Le 30 avril 2021, le collectif Eau 88 et France Nature Environnement ont donné une conférence de presse en bordure d'un terrain de Nestlé Waters, sur la commune de They-sous-Monfort (Vosges). Là, de nombreuses bouteilles en plastique jonchent le sol, sur plusieurs dizaines de mètres.

Pour les associations de protection de l'environnement, pas de doute possible : l'industriel, à l'époque la Société des Eaux de Vittel, est responsable. "Ce sont les premiers échecs industriels de la mise en bouteille de l'eau, affirme le co-fondateur du collectif, Bernard Schmitt. La source est incontestable, on reconnait sur les bouteilles la croix de Lorraine avec le V de Vittel."

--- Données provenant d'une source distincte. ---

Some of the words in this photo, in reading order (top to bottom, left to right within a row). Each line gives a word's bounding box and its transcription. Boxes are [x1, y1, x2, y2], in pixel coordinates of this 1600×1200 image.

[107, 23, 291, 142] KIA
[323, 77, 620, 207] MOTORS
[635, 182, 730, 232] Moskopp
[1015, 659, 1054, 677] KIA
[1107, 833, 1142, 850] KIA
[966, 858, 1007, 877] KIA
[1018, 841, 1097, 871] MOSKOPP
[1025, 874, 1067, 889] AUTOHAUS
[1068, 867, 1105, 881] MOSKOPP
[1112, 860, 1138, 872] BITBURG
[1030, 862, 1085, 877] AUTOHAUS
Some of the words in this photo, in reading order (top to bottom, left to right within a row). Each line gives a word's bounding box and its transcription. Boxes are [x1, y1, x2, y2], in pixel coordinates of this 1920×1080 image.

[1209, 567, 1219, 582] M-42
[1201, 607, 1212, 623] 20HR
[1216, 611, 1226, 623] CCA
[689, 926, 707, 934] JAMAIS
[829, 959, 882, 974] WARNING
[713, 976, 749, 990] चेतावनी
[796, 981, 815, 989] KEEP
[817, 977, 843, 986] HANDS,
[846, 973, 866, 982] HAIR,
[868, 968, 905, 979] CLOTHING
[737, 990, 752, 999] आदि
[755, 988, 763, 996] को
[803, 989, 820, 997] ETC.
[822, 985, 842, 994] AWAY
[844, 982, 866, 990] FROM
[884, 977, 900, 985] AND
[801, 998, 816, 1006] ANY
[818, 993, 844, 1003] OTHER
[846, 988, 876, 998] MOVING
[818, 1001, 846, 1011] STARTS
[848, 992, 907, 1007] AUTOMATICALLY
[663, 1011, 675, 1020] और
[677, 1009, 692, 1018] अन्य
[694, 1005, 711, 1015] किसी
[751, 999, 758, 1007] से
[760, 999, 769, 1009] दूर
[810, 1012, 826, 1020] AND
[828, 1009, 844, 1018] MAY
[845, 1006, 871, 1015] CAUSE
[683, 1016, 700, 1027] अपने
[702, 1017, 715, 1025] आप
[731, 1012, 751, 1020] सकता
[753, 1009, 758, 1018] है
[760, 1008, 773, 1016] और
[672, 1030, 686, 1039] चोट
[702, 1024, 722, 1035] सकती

Nestlé Waters est entré au capital de la Société des Eaux de Vittel en 1969, mais nie toute implication. "Nous n'étions pas actionnaire majoritaire à l'époque et n'avions pas connaissance de ces décharges", déclare David Vivier. "Nestlé a une responsabilité morale et juridique, proteste le président de Vosges Nature Environnement, Jean-François Fleck. Responsabilité qui doit correspondre à l'image qu'il voudraient donner d'une entreprise vertueuse, qui utilise du plastique recyclé."

Des réponses à la rentrée 2021

Les analyses sur le site de They-sous-Monfort ont bien avancé. "Nous sommes très confiants, confirme David Vivier pour Nestlé Waters. Les analyses partielles ne font état d'aucune contamination, que ce soit pour les sols, les eaux souterraines ou de surface."

En septembre 2021, Nestlé Waters sera en mesure de présenter des analyses complètes et les conclusions de Seureca. Les pouvoirs publics décideront de la marche à suivre, et Nestlé Waters s'est engagé à payer la facture. Le processus doit prendre plusieurs années.